Miller may have violated House ethics rules by borrowing $7.5M

Rep. Gary Miller (R-Calif.) may have violated House ethics rules when he took out nearly $7.5 million in promissory notes in 2004 from a campaign contributor and business partner, Lewis Operating Corp., which he used to purchase real estate from the company.

Lewis Operating Corp., a real-estate development company based in Southern California, is one of Miller’s top campaign contributors; employees of the company have donated $19,300 to Miller’s campaign committee since his election in 1998.

Miller has partnered or has been involved with a number of real-estate transactions with the company in the past few years. In 2005, he made $1.1 million to $6 million in profits from real-estate deals involving Lewis Operating in some part of the transaction, according to his financial disclosure report.

The House Rules explicitly state that before entering into loans from an entity other than a financial institution, members of Congress and staff must submit the terms of the loans for review and a determination from the ethics committee on whether the loan is acceptable under the gift rule.

“Whether a loan from a person other than a financial institution is on terms that are ‘commercially reasonable,’ and hence acceptable under the committee’s determination, will depend on a number of facts and circumstances,” the rules state.

The rules governing loans intend to ensure that House members, officers and employees accept opportunities and benefits that are “in the form of loans from banks and other financial institutions on terms generally available to the public.” The rules go on to say that members may accept loans provided that “the loan is on commercially reasonable terms, including requirements for repayment and a reasonable rate of interest.”

Miller’s office has not responded to several calls seeking information about the terms of the loan or whether the congressman submitted the terms of the loan to the ethics committee for review. The congressman has denied any wrongdoing.

Miller took out three separate promissory notes in 2004 from Lewis entities: one for approximately $4.75 million from Lewis Investment Co., one for approximately $1.26 million from Fontana Library Co., and another for approximately $1.45 million from Church Haven Co., all part of the Lewis Group of Companies, which share the same address as Lewis Operating’s Southern California regional offices.

Miller bought land from Lewis Investment using that money in seller-financed deals for land in areas that the company is developing into planned communities or retail space, some of the same land where Lewis Investment has business dealings with the city of Fontana, Calif., in developing tracts of homes and stores.

Seller-financed deals occur when the landowner lends the money directly to the buyer without a mortgage company involved. The loans typically provide many advantages to the purchaser in terms of lower costs, lower down payments and potentially lower interest rates. They also give the seller more control over the land.

The majority of the parcels Miller bought from Lewis Operating and later sold to Fontana are adjacent to Interstate 210, a little more than a mile from an eastern expansion of the freeway, and about two miles from the city of Rialto’s municipal airport, which Miller helped to close in last year’s transportation bill.

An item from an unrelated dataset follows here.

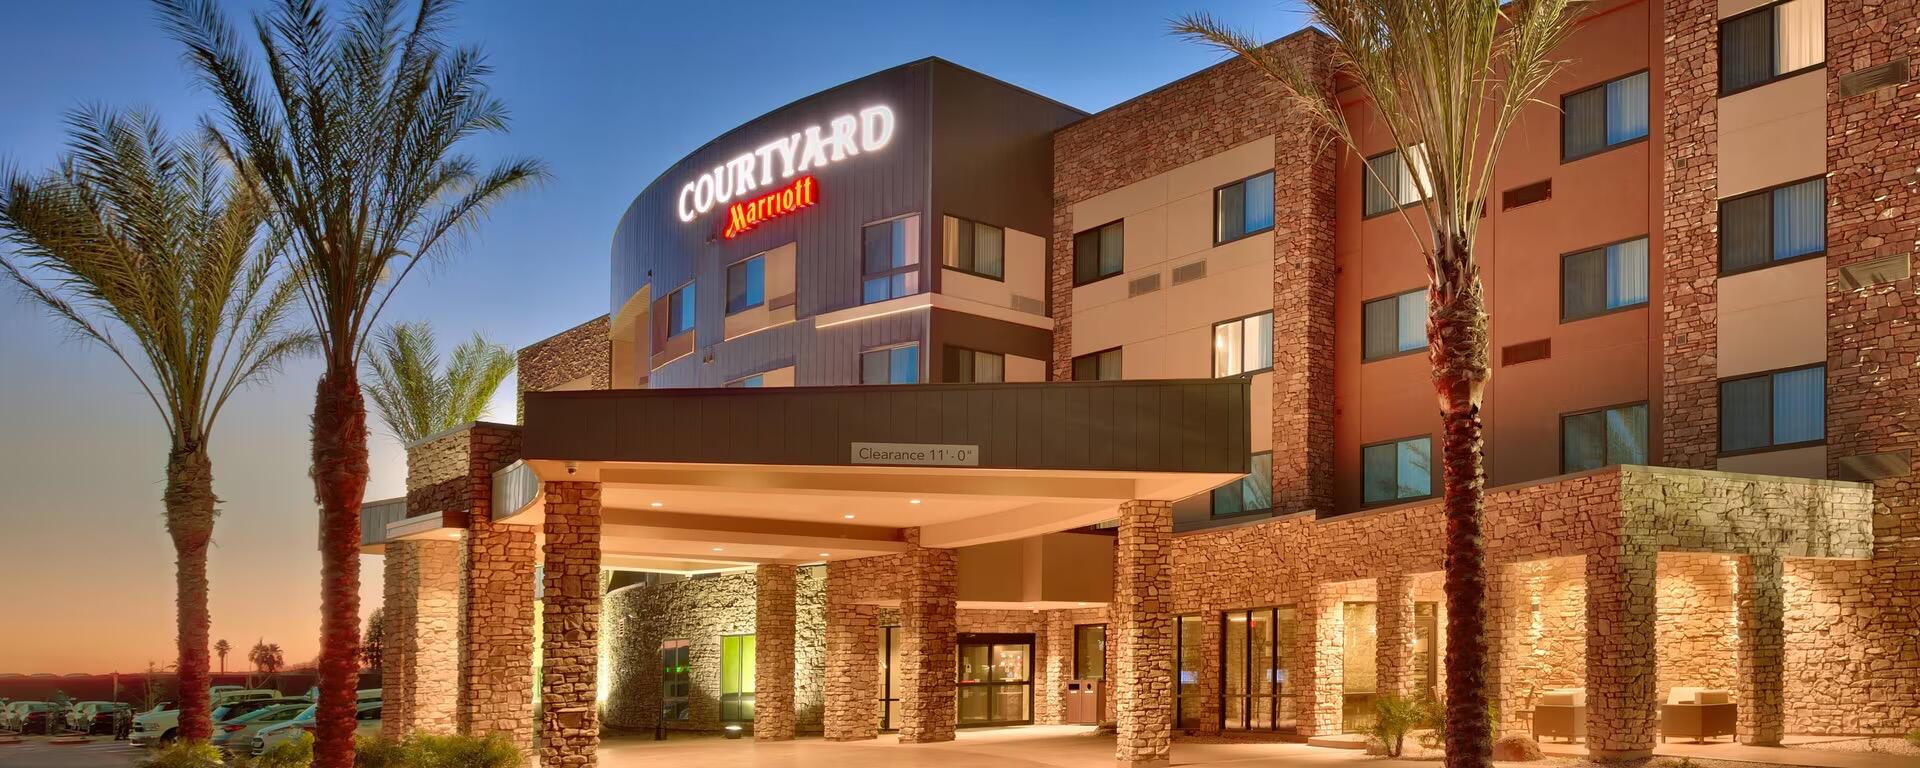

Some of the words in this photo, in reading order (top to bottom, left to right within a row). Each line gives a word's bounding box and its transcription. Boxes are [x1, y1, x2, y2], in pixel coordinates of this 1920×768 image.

[678, 105, 895, 223] COURTYARD
[725, 175, 816, 237] Marriott
[859, 447, 924, 461] Clearance
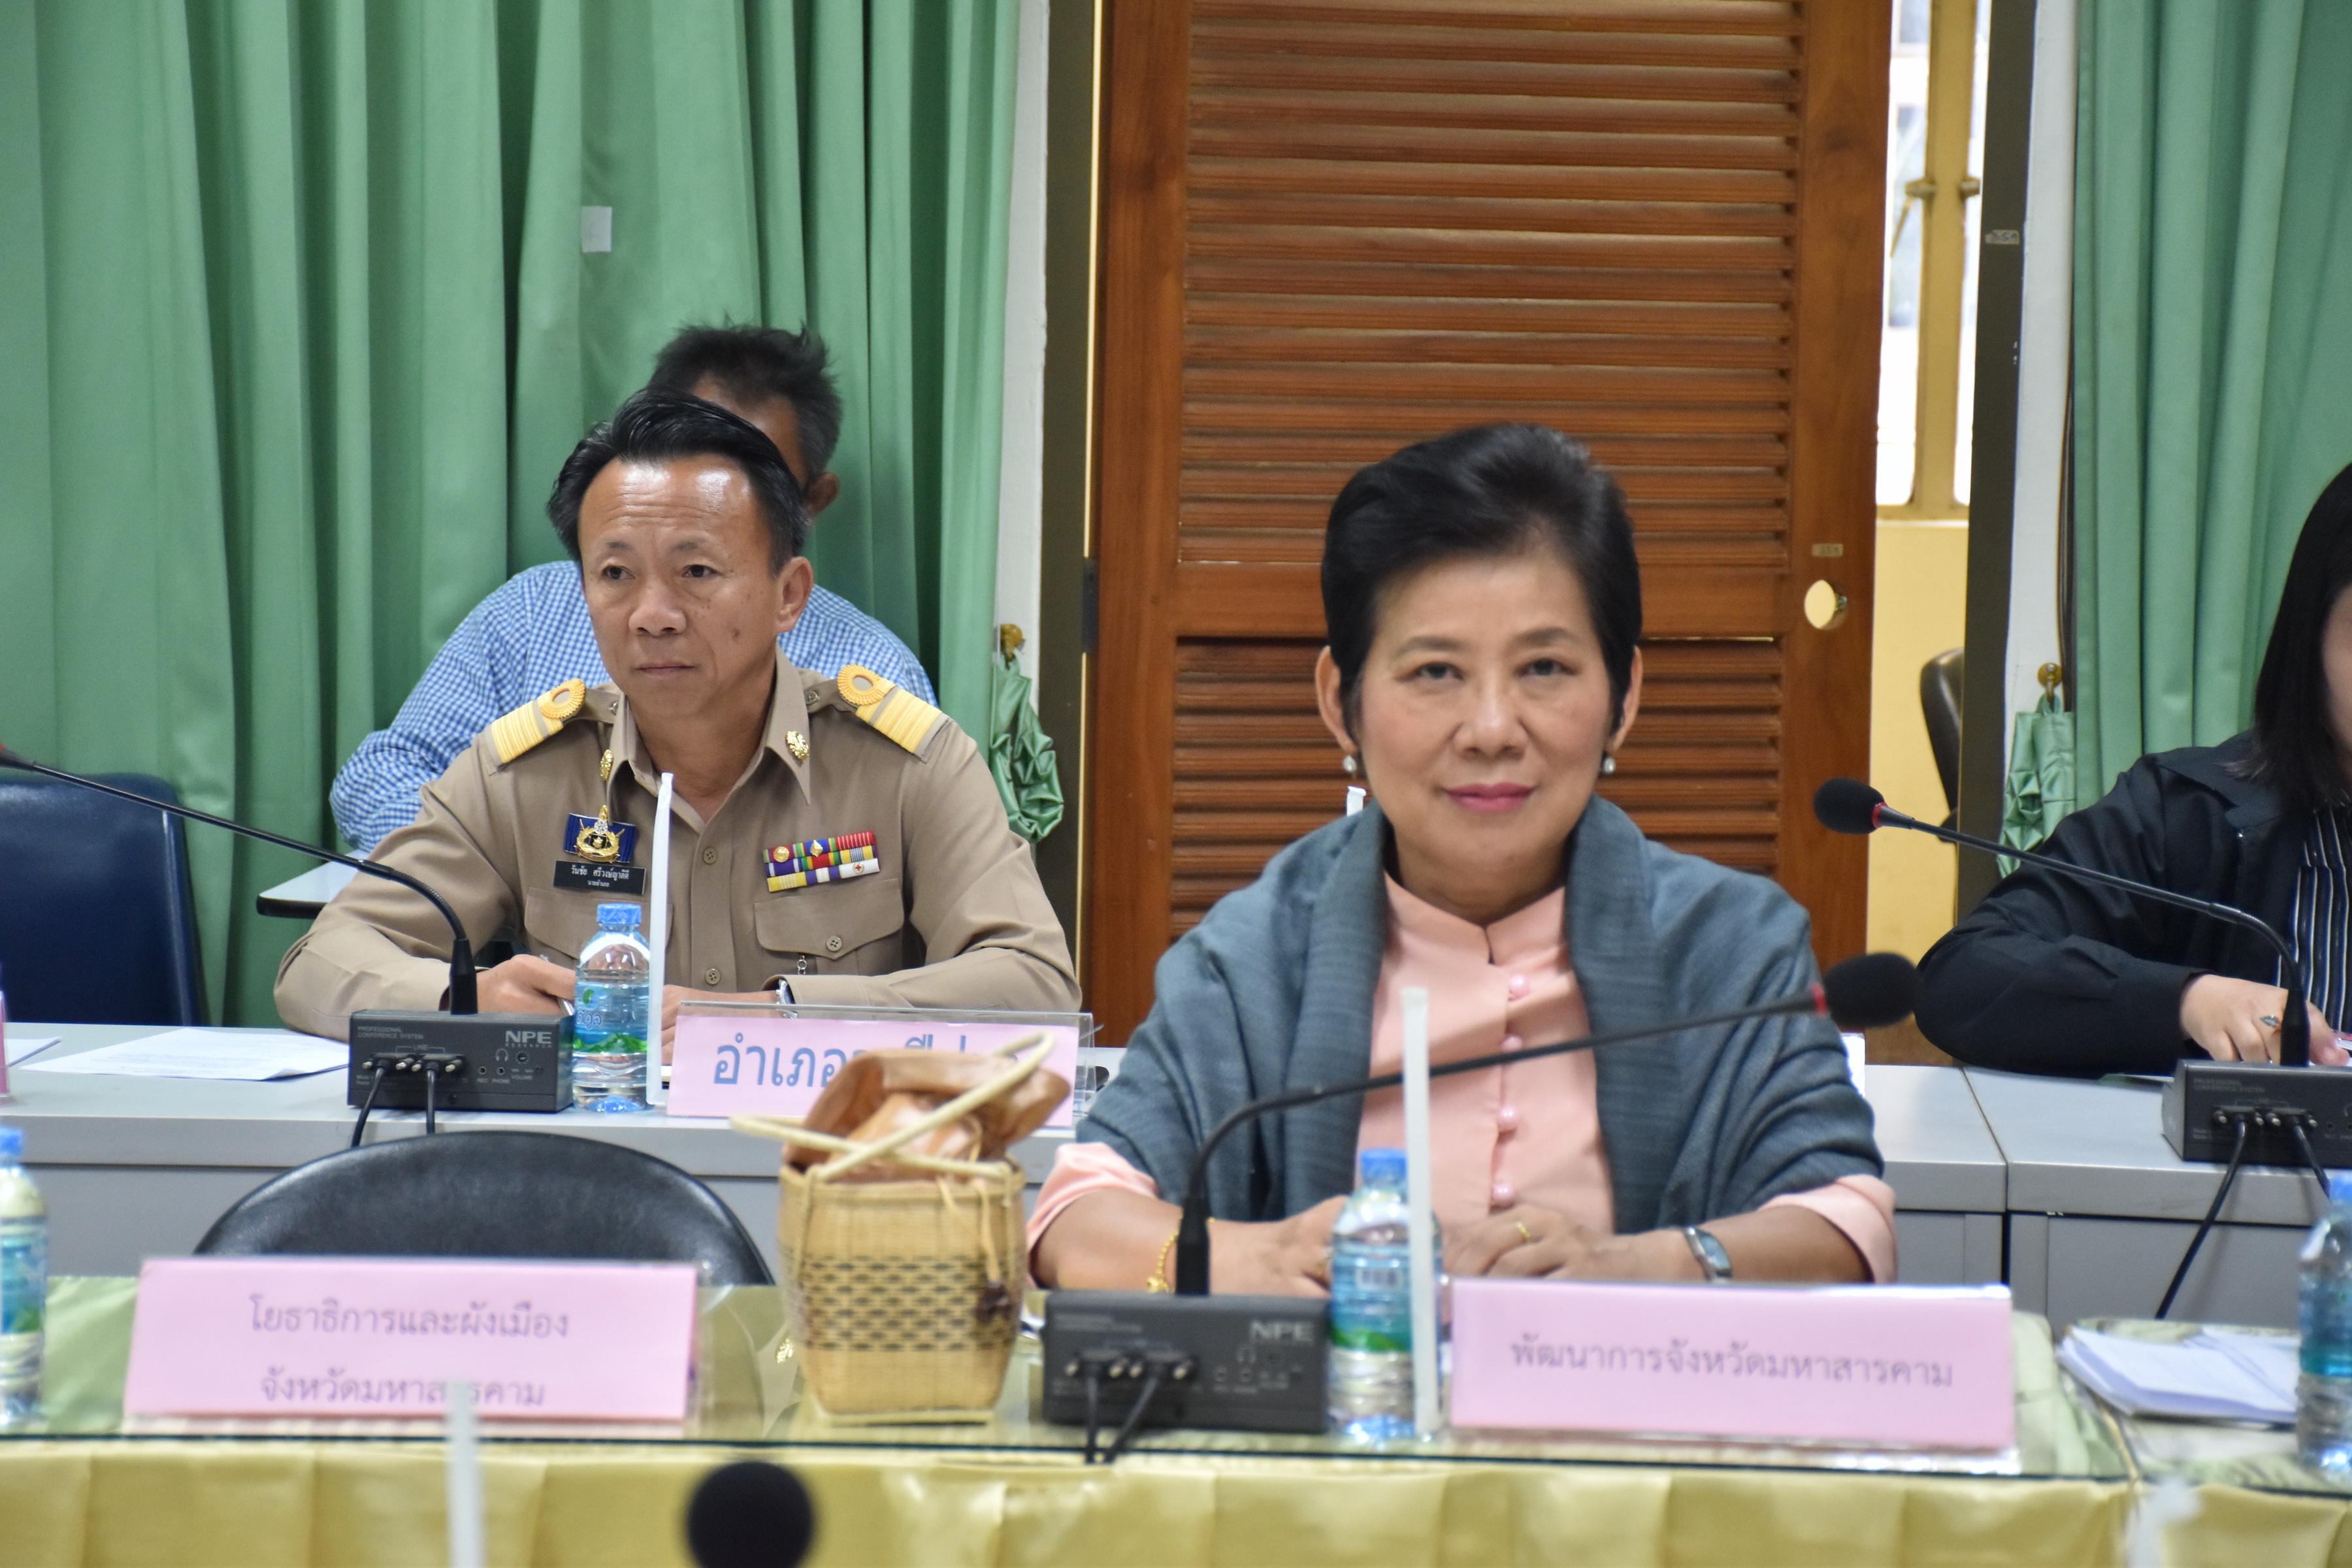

As a member of the Transportation and Infrastructure Committee, Miller pushed for a provision in the bill that allowed the city to close the airport, the first time an act of Congress has ever shuttered an airport. It is a power the Federal Aviation Administration traditionally has had sole authority to exercise.

The closing of the airport paved the way for Lewis Operating to win a multimillion dollar contract from the City of Rialto, Calif. to develop the airport land and build a planned community consisting of 2,500 homes, parks and 80 acres of retail space on the former airport and adjacent land.

As first reported by the Los Angeles Newspaper Group, watchdog groups have criticized Miller for helping to secure $1.28 million in last year’s transportation bill for street improvements in front of a planned housing and retail center, including a Target store that he co-owned with Lewis Operating in his district.

Stan Brand, a former chief counsel for the House ethics committee, said the committee wants to make sure that House members and staff keep outside entities at “arm’s length” and do not engage in financial arrangements under terms that other members of the general public would not have access to.

But without knowing the terms of the promissory note, Brand said, it’s impossible to know whether Miller is complying with the gift rules.

“In the current climate with the U.S. attorneys of America prowling around and scrutinizing every one of these members’ deals, it strikes me as overly aggressive to be engaging in this type of transaction without getting some kind of assurance from some body that the loans meet the [ethics] standards.”

Specifically, Brand said, the ethics committee would need to review what collateral Miller had offered and what kind of interest rate applied to the loan. If Miller did not submit the information, he said, prosecutors would be very interested in scrutinizing the terms of the loan.

“Hopefully it will stand up as an arm’s-length, real transaction,” Brand said.